Christian Science Monitor gives up print edition
BOSTON - The Christian Science Monitor said yesterday that it would become the first national newspaper to drop its daily print edition and focus on publishing online. The step is a sign of the financial pressure squeezing the newspaper industry as the economy slumps, and readers and advertisers flee to the Internet.
BOSTON - The Christian Science Monitor said yesterday that it would become the first national newspaper to drop its daily print edition and focus on publishing online. The step is a sign of the financial pressure squeezing the newspaper industry as the economy slumps, and readers and advertisers flee to the Internet.
Come April, the Monitor, a Boston-based general-interest newspaper founded in 1908, will print only a weekend edition after struggling financially for decades, its editor announced.

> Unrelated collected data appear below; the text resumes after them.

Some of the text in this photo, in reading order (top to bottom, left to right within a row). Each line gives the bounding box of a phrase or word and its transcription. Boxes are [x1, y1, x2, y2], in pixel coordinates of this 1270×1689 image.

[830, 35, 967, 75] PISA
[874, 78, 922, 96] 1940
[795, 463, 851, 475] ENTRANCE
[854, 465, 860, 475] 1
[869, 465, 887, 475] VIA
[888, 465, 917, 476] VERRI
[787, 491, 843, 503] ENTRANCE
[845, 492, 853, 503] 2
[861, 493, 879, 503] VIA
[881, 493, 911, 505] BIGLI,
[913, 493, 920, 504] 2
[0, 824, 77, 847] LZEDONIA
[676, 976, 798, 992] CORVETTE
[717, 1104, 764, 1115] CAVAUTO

Circulation at the Monitor, which has won seven Pulitzer Prizes in its history, has fallen from a peak of 230,000 in 1970 to about 50,000 now, while its online traffic has soared. The newspaper gets about five million page-views per month compared with about four million five years ago and one million a decade ago.
The newspaper is known for its in-depth international reporting, particularly in the Middle East.

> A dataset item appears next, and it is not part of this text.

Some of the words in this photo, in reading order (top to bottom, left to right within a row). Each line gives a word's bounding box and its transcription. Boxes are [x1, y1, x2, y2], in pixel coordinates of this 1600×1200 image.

The Monitor was one of the first newspapers in the country to put content online, beginning in 1995, when correspondent David Rohde, a former reporting intern at The Philadelphia Inquirer, was taken prisoner in Bosnia.
After labor, the most expensive items for a newspaper are printing and delivery.
"Obviously, this is going to help with our costs, but it also enables us to put much more emphasis on the Web and basically put our reporting assets and our editorial assets where we think growth will be in a very tough industry in the future, which we think is the Web," said editor John Yemma.
Cutting print editions also will help the paper reduce its dependence on sizable subsidies from its owner, the First Church of Christ, Scientist, which now provides more than half its operating budget, he said.
The move to "Web-first" publishing, Yemma said, will likely result in some job cuts, but it is unclear how many.
Like many other newspapers, it has suffered as more people have gotten their news from the Internet - which offers newspapers much less revenue, even when it brings many more readers.
Andie Tucher, an associate professor at Columbia University's Graduate School of Journalism, said the Monitor has traditionally been a newspaper people read for in-depth articles after they got news from a local or state newspaper. With even small newspapers being squeezed by the Web, she said, it makes sense that a "second read" like the Monitor would be harder hit.